## Dataset entries
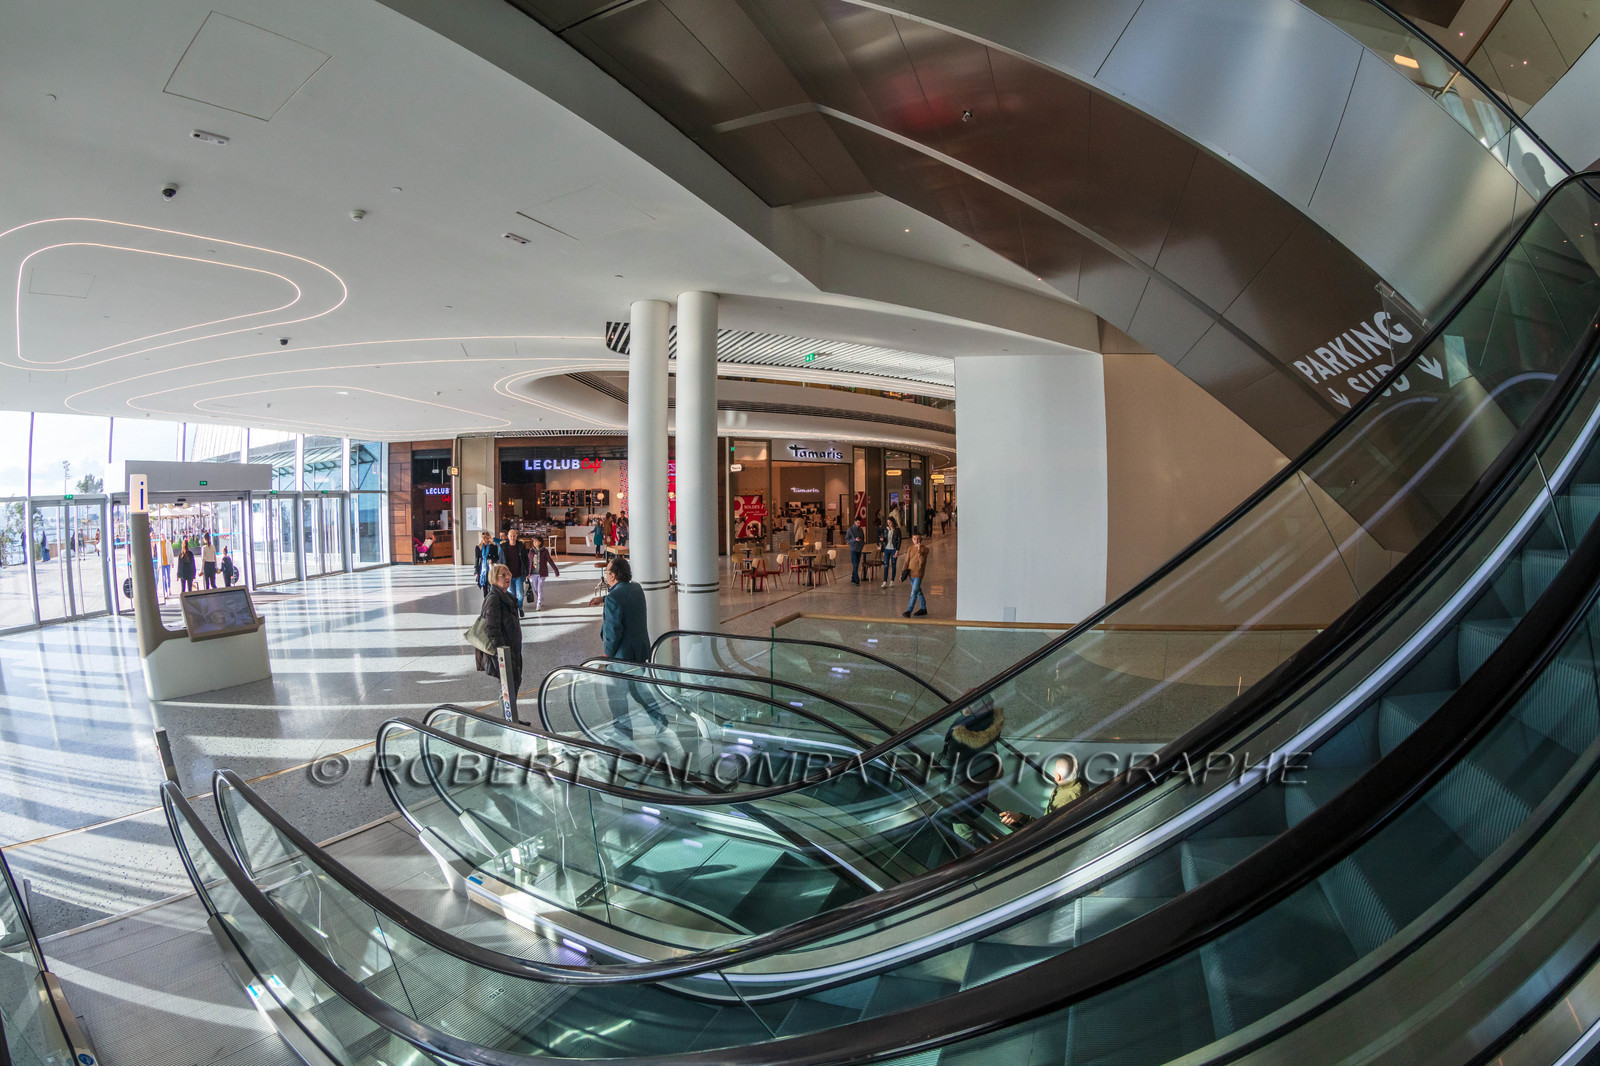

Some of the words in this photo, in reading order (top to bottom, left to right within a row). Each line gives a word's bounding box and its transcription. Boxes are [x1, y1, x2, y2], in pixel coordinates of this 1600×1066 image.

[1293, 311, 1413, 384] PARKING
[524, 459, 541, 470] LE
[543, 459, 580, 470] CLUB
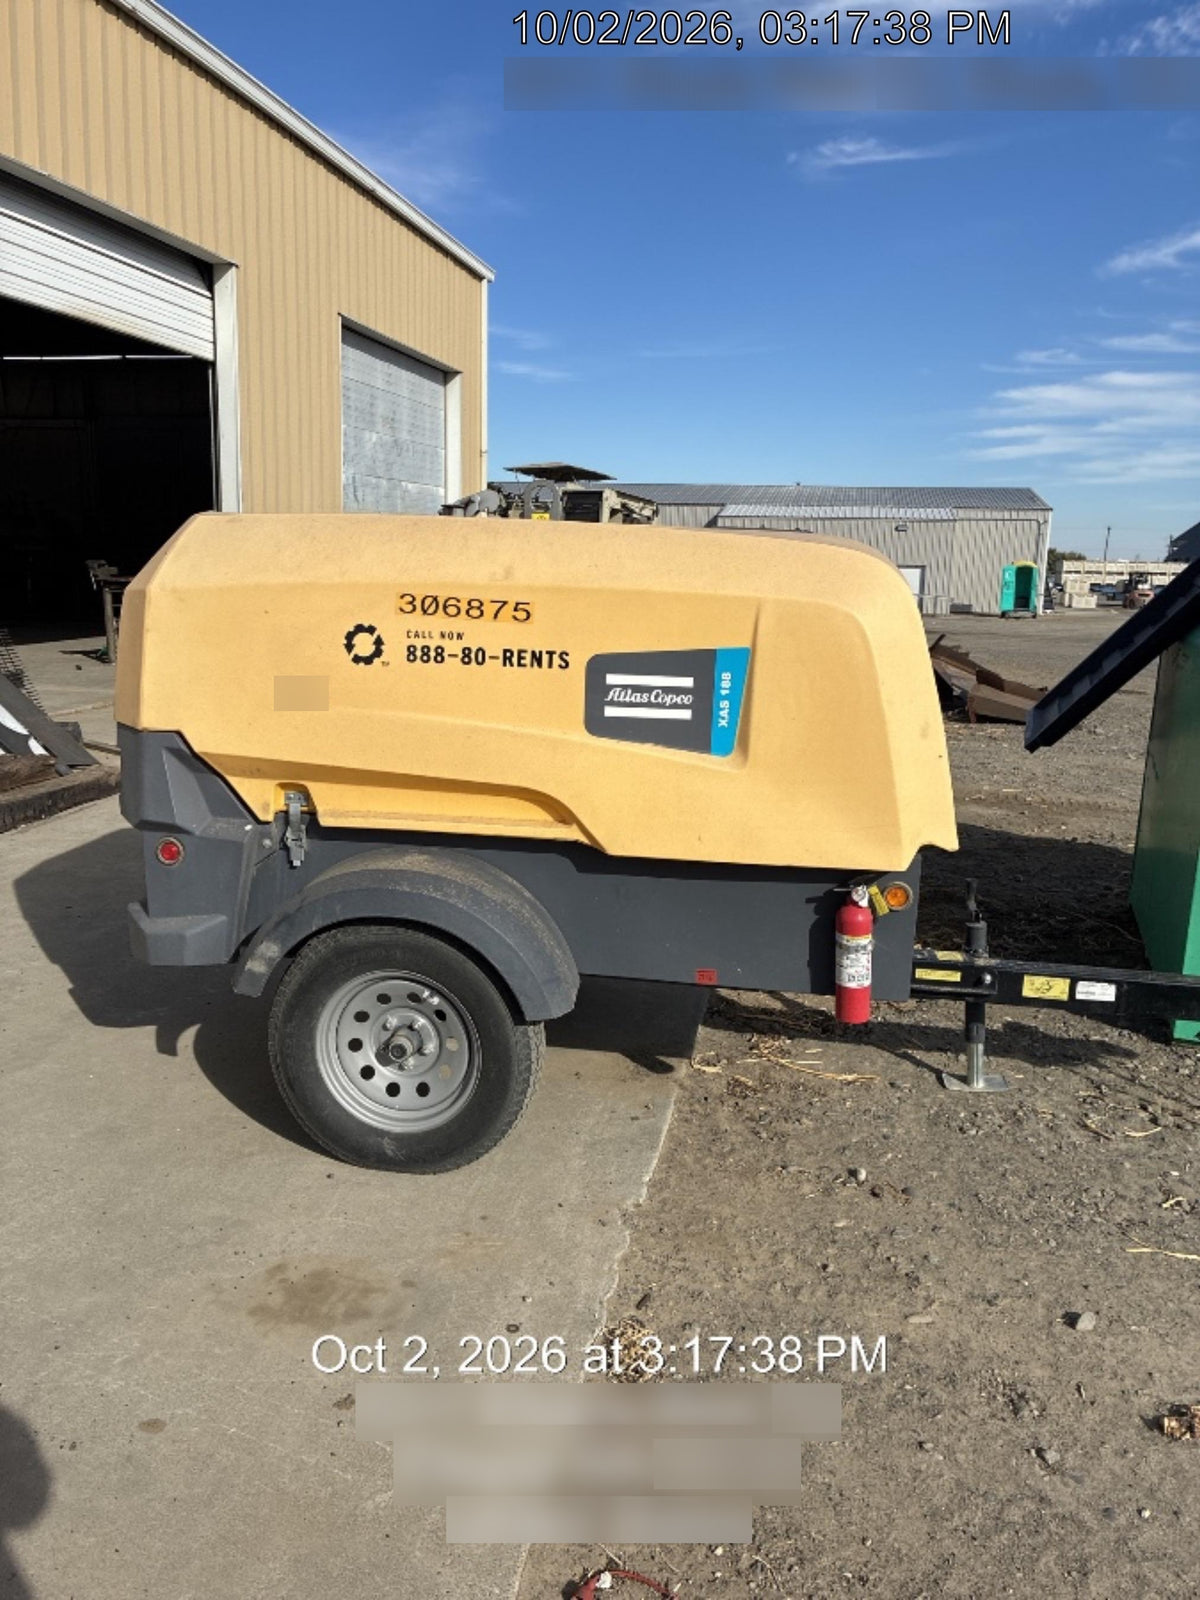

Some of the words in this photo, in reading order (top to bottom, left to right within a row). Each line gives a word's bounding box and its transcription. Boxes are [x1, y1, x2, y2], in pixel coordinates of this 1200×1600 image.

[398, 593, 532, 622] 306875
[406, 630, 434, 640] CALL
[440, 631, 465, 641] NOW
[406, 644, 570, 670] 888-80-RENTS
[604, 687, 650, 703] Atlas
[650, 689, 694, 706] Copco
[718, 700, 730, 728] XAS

## TASK BRIEF
Transcribe the entries above word for word, but leave every picture out of your copy.

## SOLUTION BELOW
Some of the words in this photo, in reading order (top to bottom, left to right within a row). Each line gives a word's bounding box and its transcription. Boxes are [x1, y1, x2, y2], in pixel coordinates of this 1600×1066 image.

[1293, 311, 1413, 384] PARKING
[524, 459, 541, 470] LE
[543, 459, 580, 470] CLUB

Some of the words in this photo, in reading order (top to bottom, left to right within a row). Each line gives a word's bounding box and its transcription. Boxes are [x1, y1, x2, y2], in pixel coordinates of this 1200×1600 image.

[398, 593, 532, 622] 306875
[406, 630, 434, 640] CALL
[440, 631, 465, 641] NOW
[406, 644, 570, 670] 888-80-RENTS
[604, 687, 650, 703] Atlas
[650, 689, 694, 706] Copco
[718, 700, 730, 728] XAS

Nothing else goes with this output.